The first of these is waterproofing using lacquer (a la JBH's answer) and resin. One of the things I found was that Korean paper armour was considered to be particularly fine, and was a common import/tribute, so looking for Korean Paper Armour I managed to find this:
http://cejsh.icm.edu.pl/cejsh/element/bwmeta1.element.desklight-9260b5e1-b88f-4bf8-9521-9cd0ea330675/c/randall.pdf (Note link downloads a PDF)
It references a report on the materials required to make 120 sets of paper armour and works out there is roughly five litres of varnish and one of lacquer (which lines up with what what JBH has suggested). In the same article though it notes that even with this mould and mildew was a persistent problem that was inspected for.
The second is cloth. In this source:
There are a lot of references to the armour being constructed of alternating layers of of cloth and paper, essentially creating a gambeson with paper additions. In this situation the waterproofing, or more likely stabilisation of the paper when wet, would have been provided by the cloth layers, potentially with whatever waterproofing methods were using on cloth at the time.
Of these it looks like cloth settled on being the preferred option as the sources indicate that is was still around in the 19th century to be tested against western firearms. However this might not indicate effectiveness of waterproofing (or defence) rather good enough performance combined with ease of manufacture.
My own supposition is that are that there were designs that were inherently waterproof, though from different methods. This is my own supposition, from a couple of unsupported lines I read while finding the sources I have cited, so take these ideas with a grain of salt.
The first of the two was that paper armour was something akin to Geek linothorax (https://en.wikipedia.org/wiki/Linothorax), essentially impregnated with glue before being layers upon layers being being stuck together and finally beaten to restore the paper's flexibility. In this method the glue becomes the waterproofing.

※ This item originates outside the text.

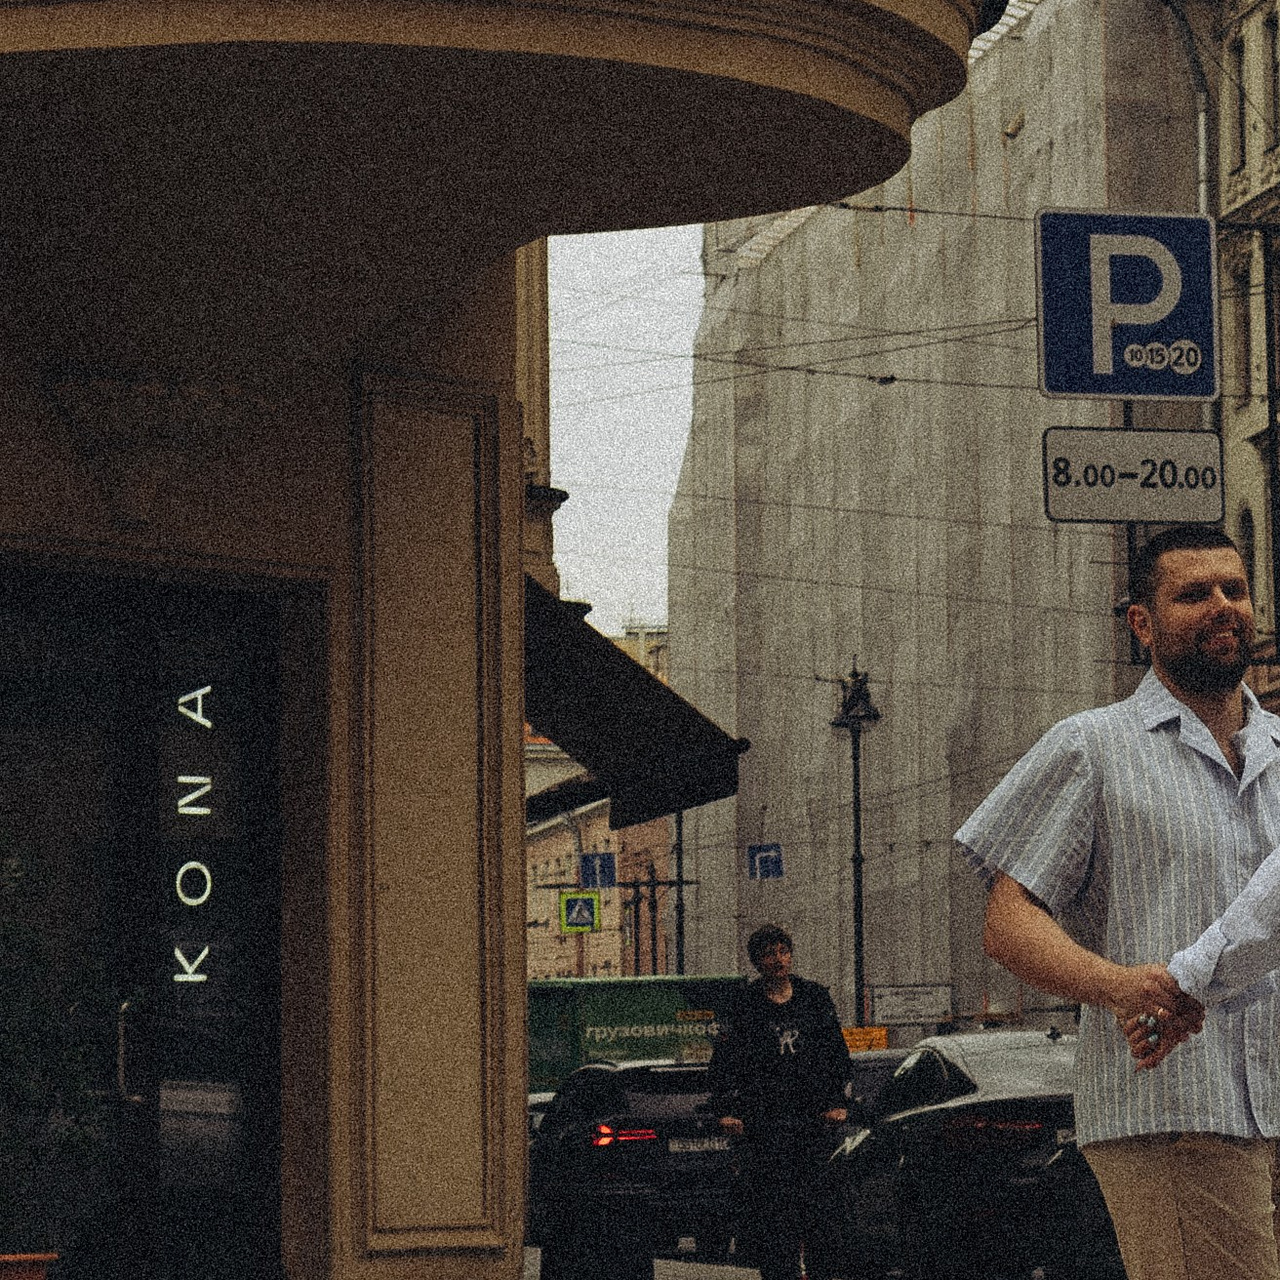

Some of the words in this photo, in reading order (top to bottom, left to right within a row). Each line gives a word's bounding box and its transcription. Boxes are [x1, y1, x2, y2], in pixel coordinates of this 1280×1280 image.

The other one is that we are thinking of the wrong sort of paper. A couple of places on the net indicate that barkcloth, a material made from beating parts of bark into sheets. Others, however, reject this as it as primary sources use different terms for paper and backcloth (https://greatmingmilitary.blogspot.com/2015/02/paper-armour-of-ming-dynasty.html). Even if it was true paper that was used we could be looking at a type of cloth based paper like that used in US currency which holds up fairly well to being wet, although it's not great for it.
If these were used I doubt they hung around. The glue type would have required a lot of materials and been time consuming to make, and would have likely been out performed by metal. The cloth type would have probably been prohibitively expensive as the best cloth base would have been silk which would have been expensive and if you have silk you might as well make a silk gambeson instead.